:: EXERCISE MATERIAL
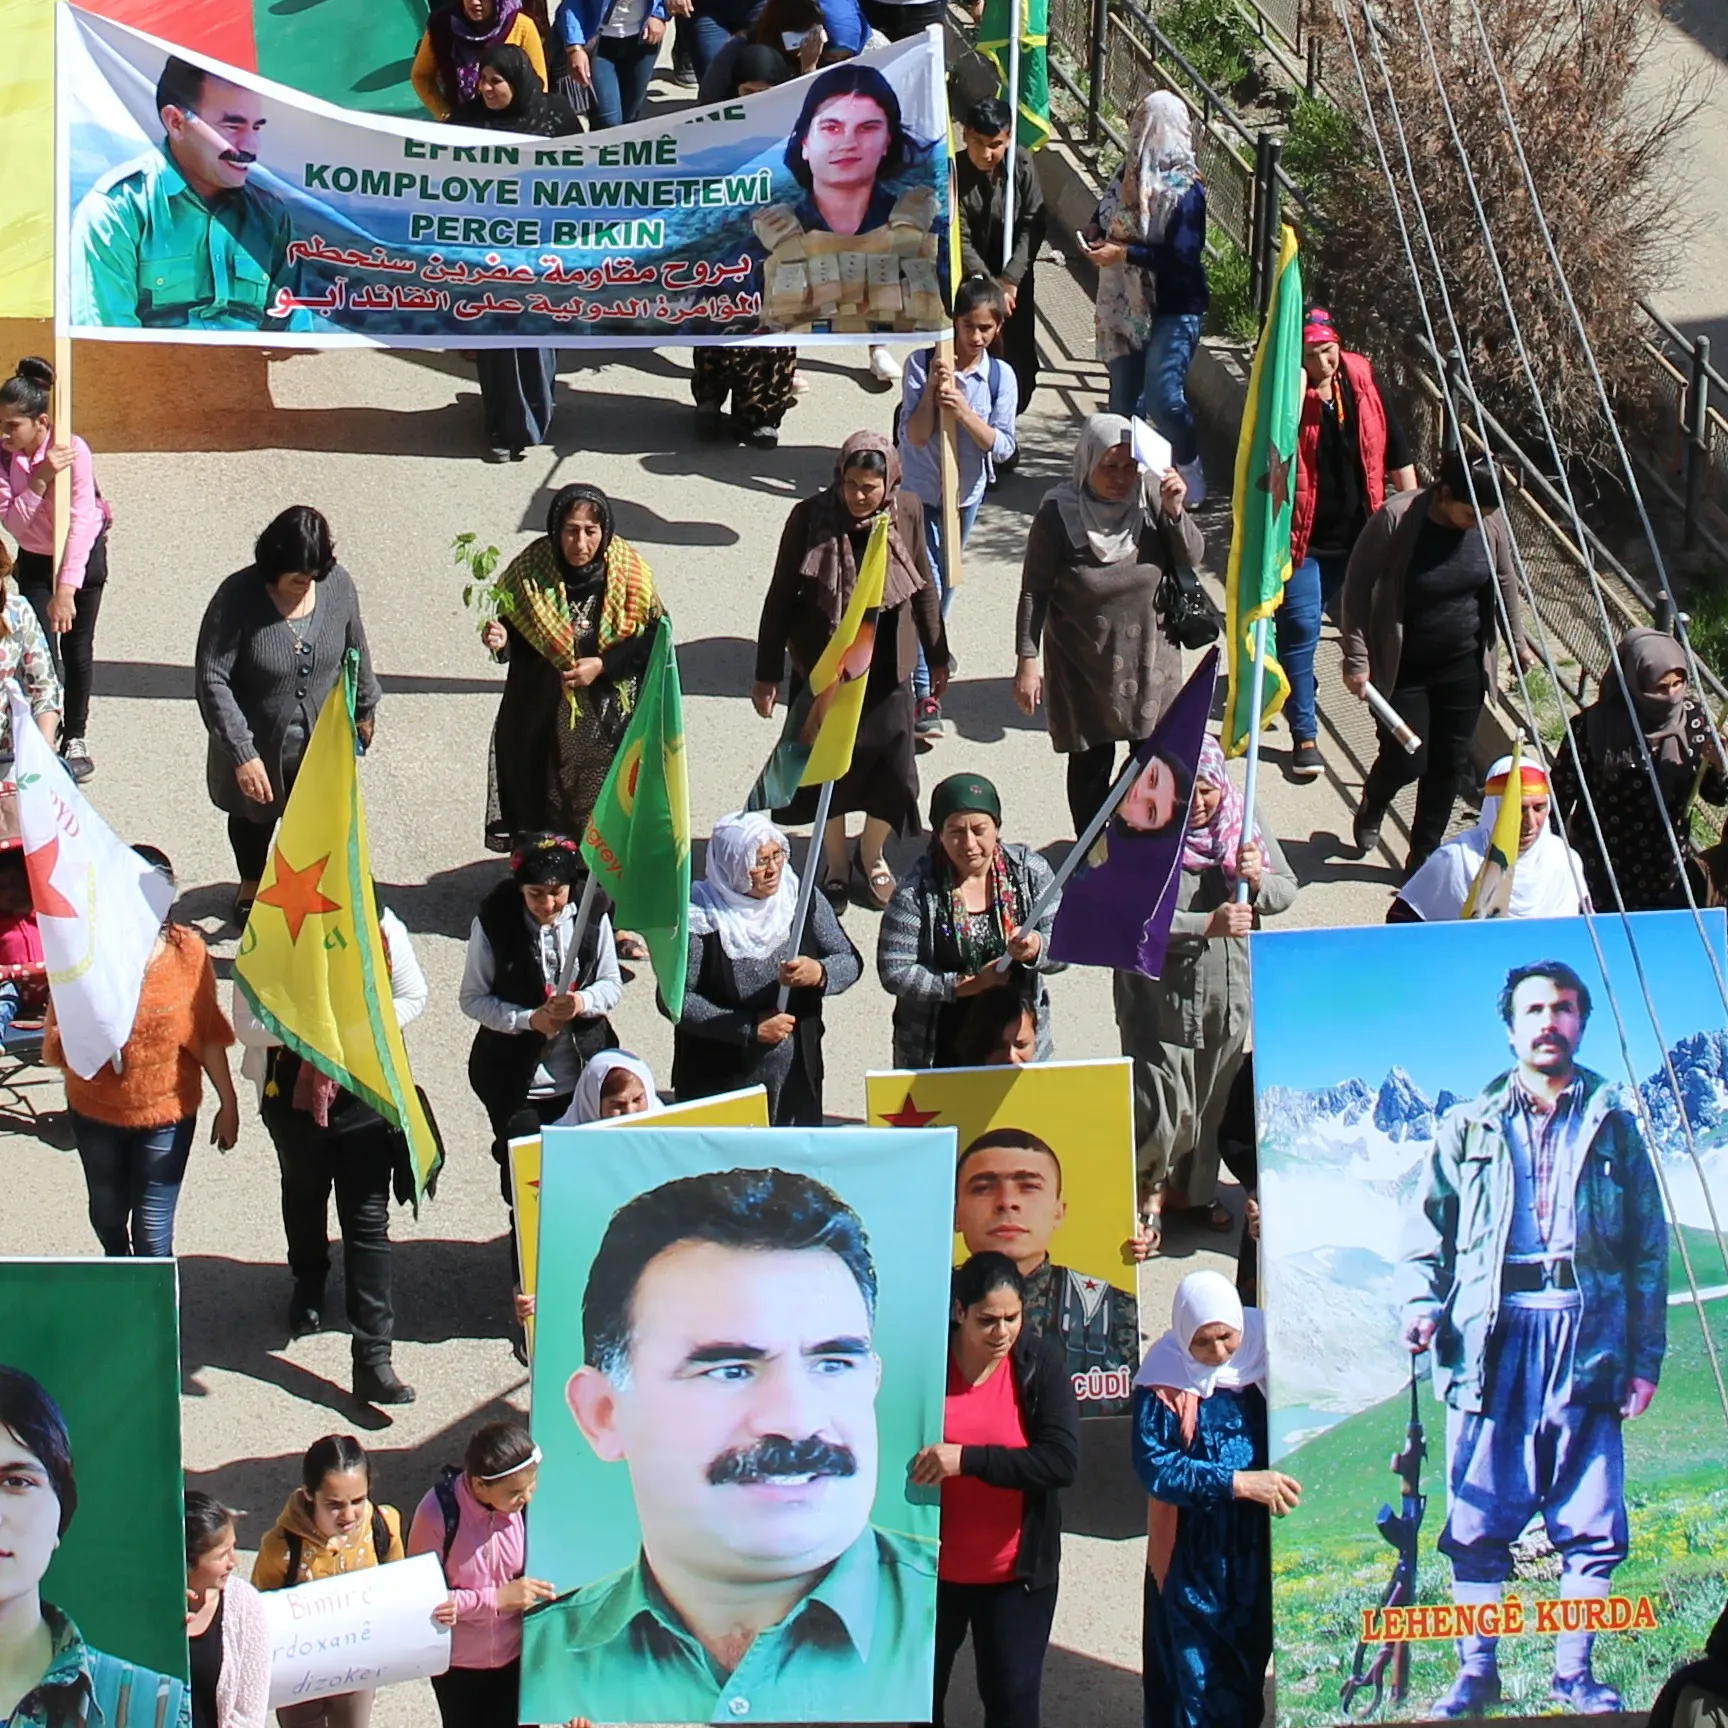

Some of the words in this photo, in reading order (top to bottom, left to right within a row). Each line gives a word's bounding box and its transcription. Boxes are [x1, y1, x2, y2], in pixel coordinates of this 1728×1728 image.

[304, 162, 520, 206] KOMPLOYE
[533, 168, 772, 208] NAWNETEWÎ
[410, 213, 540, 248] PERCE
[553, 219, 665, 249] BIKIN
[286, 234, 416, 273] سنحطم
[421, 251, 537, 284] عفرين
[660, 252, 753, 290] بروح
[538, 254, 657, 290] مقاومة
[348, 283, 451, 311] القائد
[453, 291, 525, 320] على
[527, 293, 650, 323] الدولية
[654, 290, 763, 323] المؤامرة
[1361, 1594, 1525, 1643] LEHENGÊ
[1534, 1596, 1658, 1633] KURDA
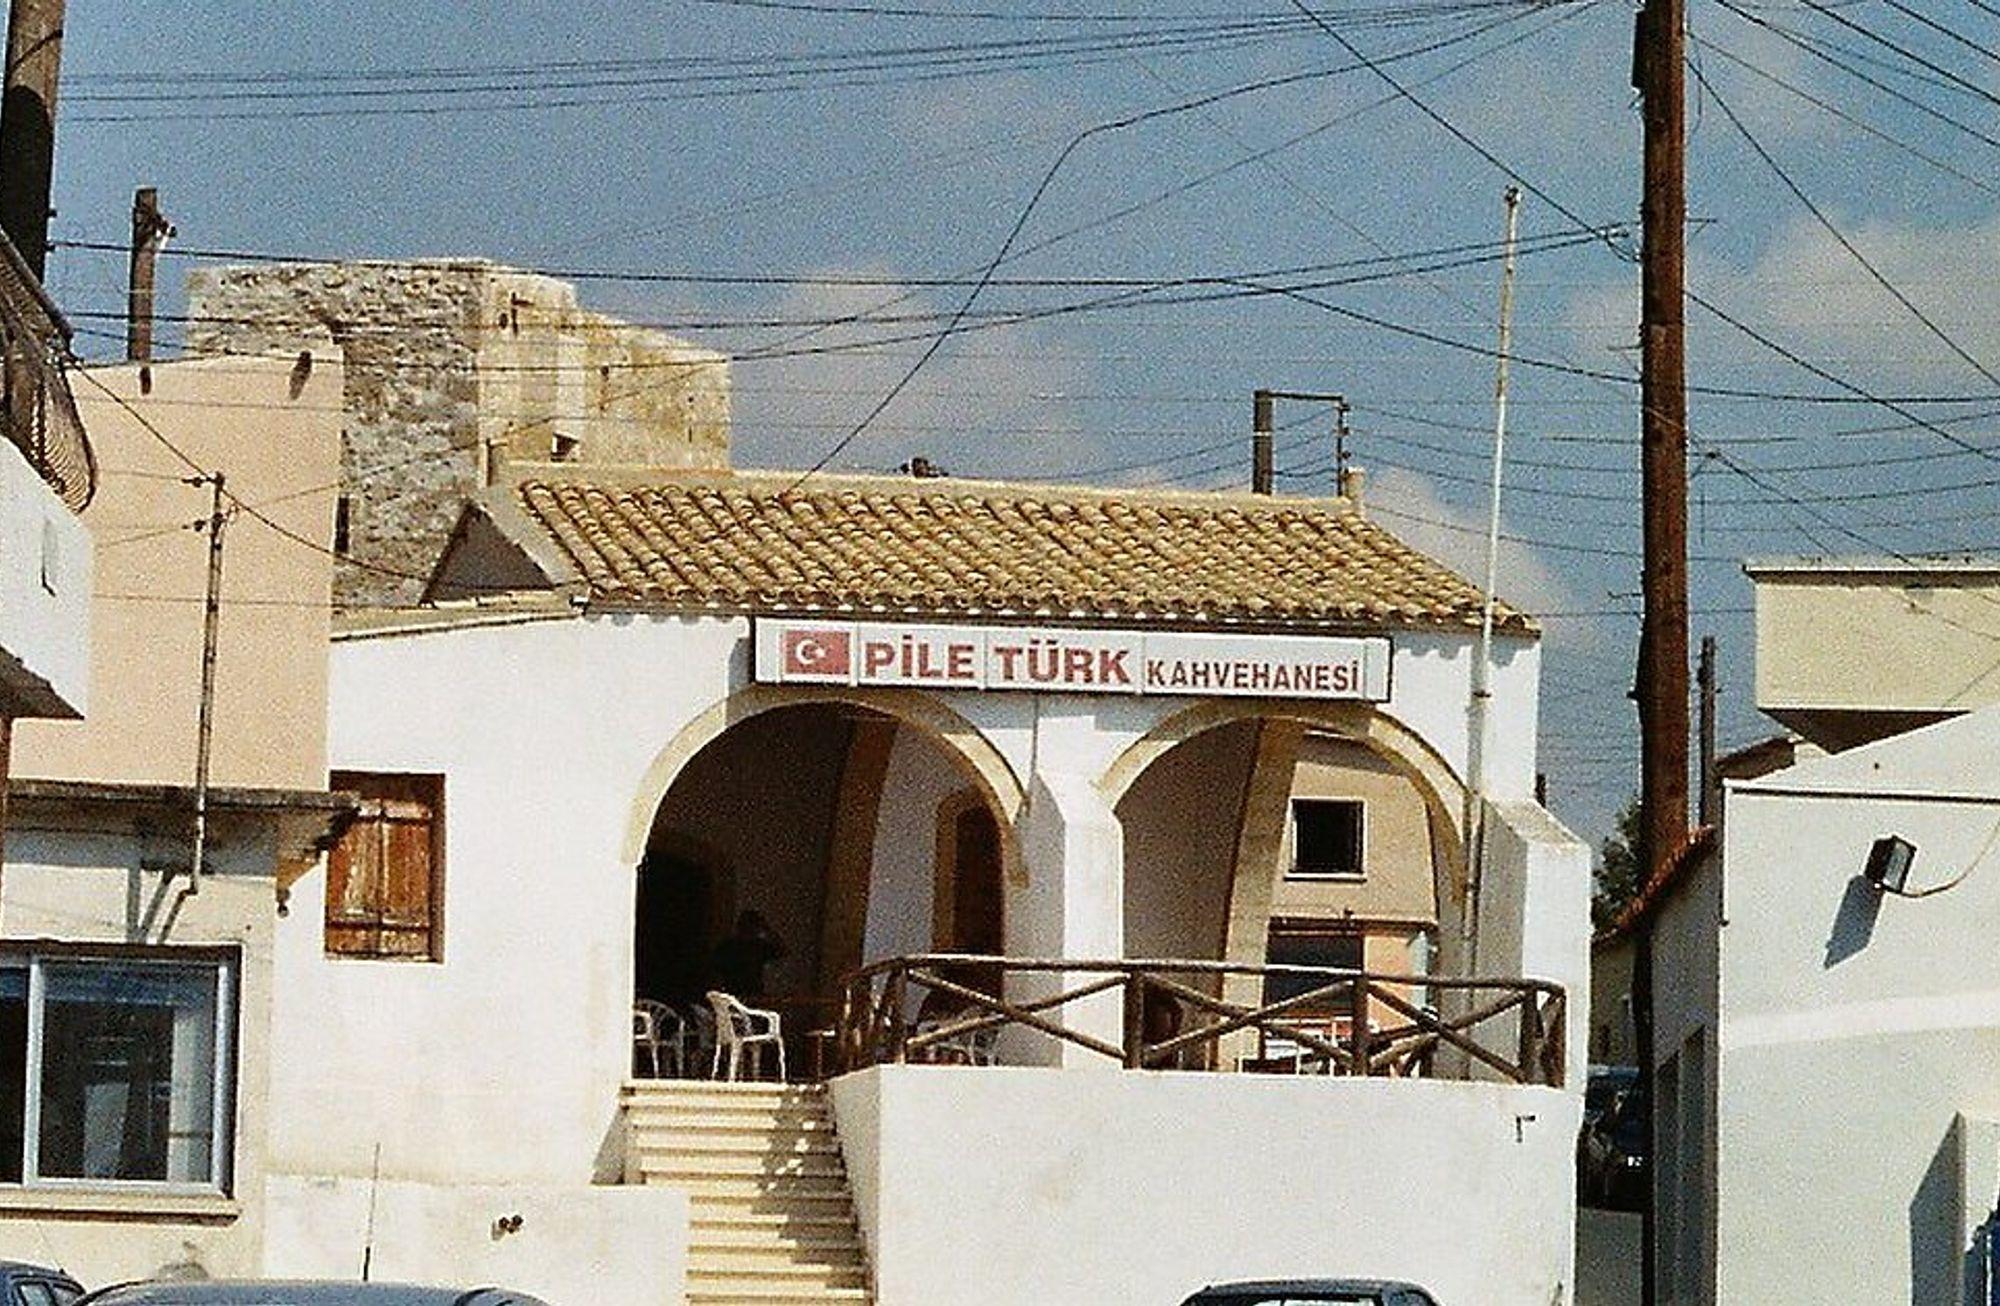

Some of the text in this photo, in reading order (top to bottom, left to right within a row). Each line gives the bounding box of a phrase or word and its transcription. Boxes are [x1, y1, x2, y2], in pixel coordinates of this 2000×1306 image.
::::
-- WORK ITEM --
Word-for-word copy, no pictures: write out the entries above in full.

-- YOUR SOLUTION --
Some of the words in this photo, in reading order (top to bottom, left to right within a row). Each line gives a word's bounding box and its transcription. Boxes are [x1, y1, x2, y2], in pixel coordinates of this 1728×1728 image.

[304, 162, 520, 206] KOMPLOYE
[533, 168, 772, 208] NAWNETEWÎ
[410, 213, 540, 248] PERCE
[553, 219, 665, 249] BIKIN
[286, 234, 416, 273] سنحطم
[421, 251, 537, 284] عفرين
[660, 252, 753, 290] بروح
[538, 254, 657, 290] مقاومة
[348, 283, 451, 311] القائد
[453, 291, 525, 320] على
[527, 293, 650, 323] الدولية
[654, 290, 763, 323] المؤامرة
[1361, 1594, 1525, 1643] LEHENGÊ
[1534, 1596, 1658, 1633] KURDA

Some of the text in this photo, in reading order (top to bottom, left to right within a row). Each line gives the bounding box of a phrase or word and its transcription. Boxes are [x1, y1, x2, y2], in pixel coordinates of this 2000×1306 image.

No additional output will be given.